Sen. Ben Nelson, D-Neb., one of the senators who voted against the debt limit package Tuesday, said this morning he wouldn't serve on the super committee if asked, the Hill reports.
"They're not going to [ask], and if I voted for it and they asked me to, I still wouldn't serve on it," Nelson said on the Nebraska radio show KLIN News Talk.
The senator predicted the committee will get hung up in partisan gridlock and suggested that creating such a committee was the wrong approach to policy making.
"I don't think we can take politics out of every difficult decision," he said. "I don't like to cede away or give away my responsibility, and certainly I don't like to authorize a group of my colleagues to do what I was sent to Washington to do."Two other senators, Republican Sen.
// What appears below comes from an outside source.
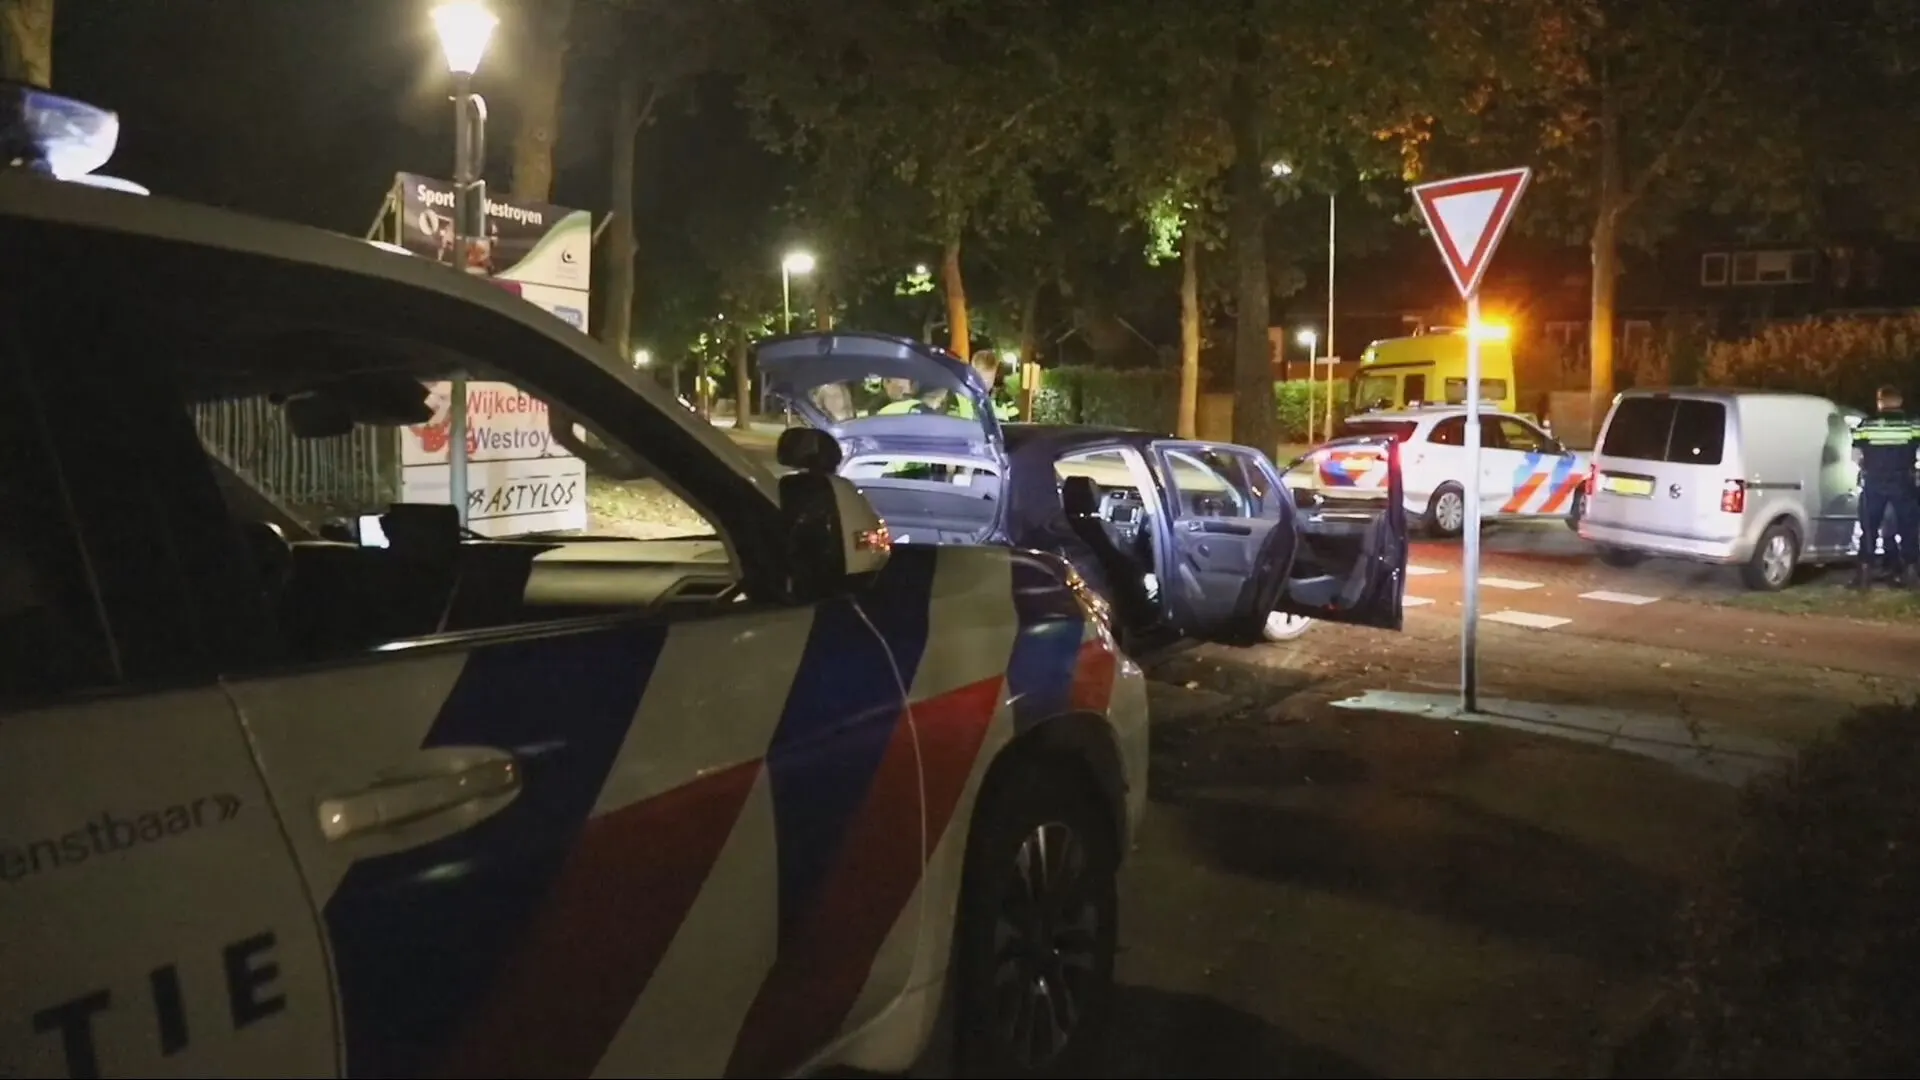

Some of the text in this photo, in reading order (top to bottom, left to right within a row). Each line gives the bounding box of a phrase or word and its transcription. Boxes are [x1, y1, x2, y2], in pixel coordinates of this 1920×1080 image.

[416, 184, 456, 208] Sport
[484, 480, 577, 513] ASTYLOS
[32, 930, 287, 1078] TIE
Saxby Chambliss of Georgia and Democratic Sen. Mark Warner of Virginia, expressed their skepticism about the new super committee on Tuesday to CBS Evening News anchor and managing editor Scott Pelley.
"I think it's going to be very difficult for this select committee to come up with any resolution, any meaningful resolution," Chambliss said. Added Warner, "I'm not sure the committee is going to get the job done." (embed the video of the interview)
Both Chambliss and Warner were part of a group of six bipartisan senators who earlier this year put forward their own ideas for deficit reduction.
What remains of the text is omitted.